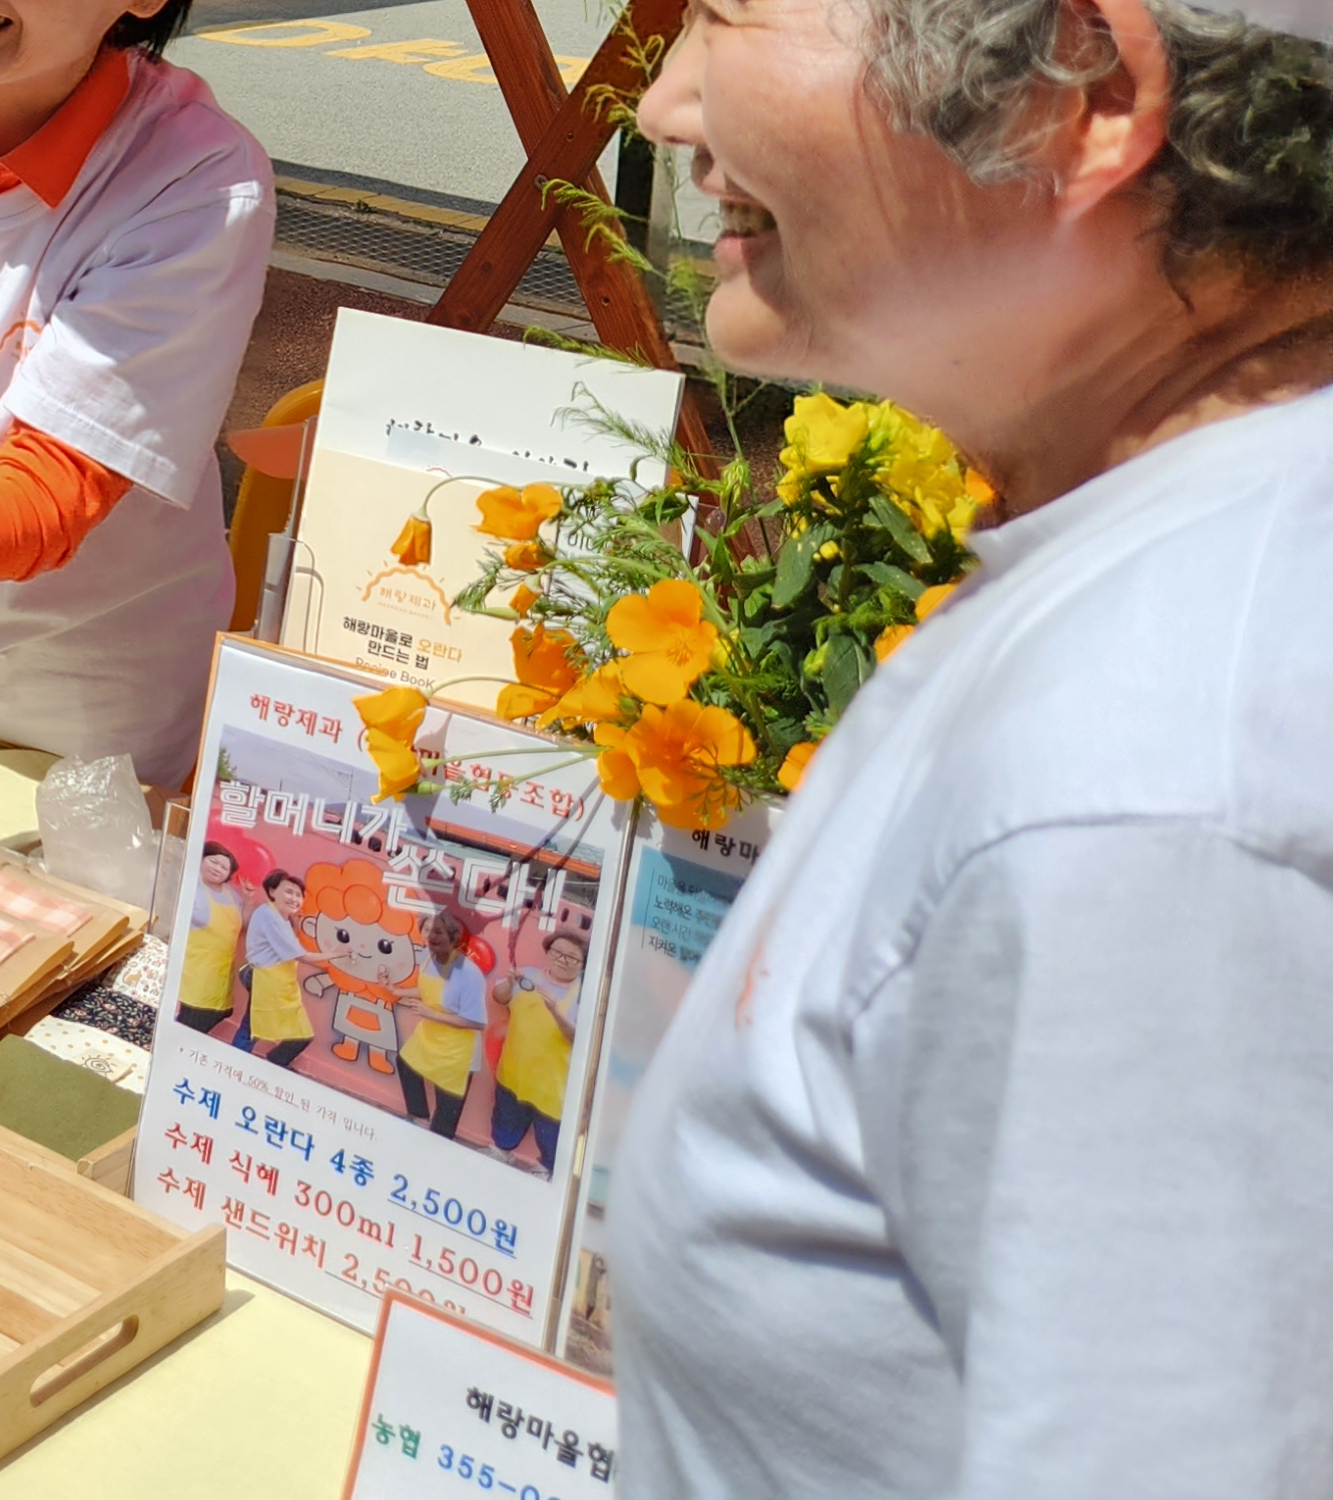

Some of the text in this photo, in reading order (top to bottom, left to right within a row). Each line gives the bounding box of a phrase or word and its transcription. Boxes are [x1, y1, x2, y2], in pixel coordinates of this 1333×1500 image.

[379, 587, 436, 611] 해랑제과
[343, 616, 462, 663] 해랑마을로 오란다
[367, 640, 430, 670] 만드는 법
[250, 693, 343, 743] 해랑제과
[219, 780, 408, 857] 할머니가
[213, 1060, 243, 1082] 가격에
[247, 1075, 269, 1093] 50%
[274, 1086, 294, 1104] 할인
[316, 1104, 337, 1124] 가격
[172, 1077, 517, 1255] 수제 오란다 4종 2,500원
[157, 1167, 206, 1211] 수제
[220, 1196, 327, 1269] 샌드위치
[164, 1122, 534, 1316] 수제 식혜 300ml 1,500원
[371, 1413, 562, 1500] 농협 355-0
####################
EXERCISE DETAILS: Where pictures appear, skip them and transcribe all other material word for word.

EXERCISE RESULT:
Some of the text in this photo, in reading order (top to bottom, left to right within a row). Each line gives the bounding box of a phrase or word and its transcription. Boxes are [x1, y1, x2, y2], in pixel coordinates of this 1333×1500 image.

[379, 587, 436, 611] 해랑제과
[343, 616, 462, 663] 해랑마을로 오란다
[367, 640, 430, 670] 만드는 법
[250, 693, 343, 743] 해랑제과
[219, 780, 408, 857] 할머니가
[213, 1060, 243, 1082] 가격에
[247, 1075, 269, 1093] 50%
[274, 1086, 294, 1104] 할인
[316, 1104, 337, 1124] 가격
[172, 1077, 517, 1255] 수제 오란다 4종 2,500원
[157, 1167, 206, 1211] 수제
[220, 1196, 327, 1269] 샌드위치
[164, 1122, 534, 1316] 수제 식혜 300ml 1,500원
[371, 1413, 562, 1500] 농협 355-0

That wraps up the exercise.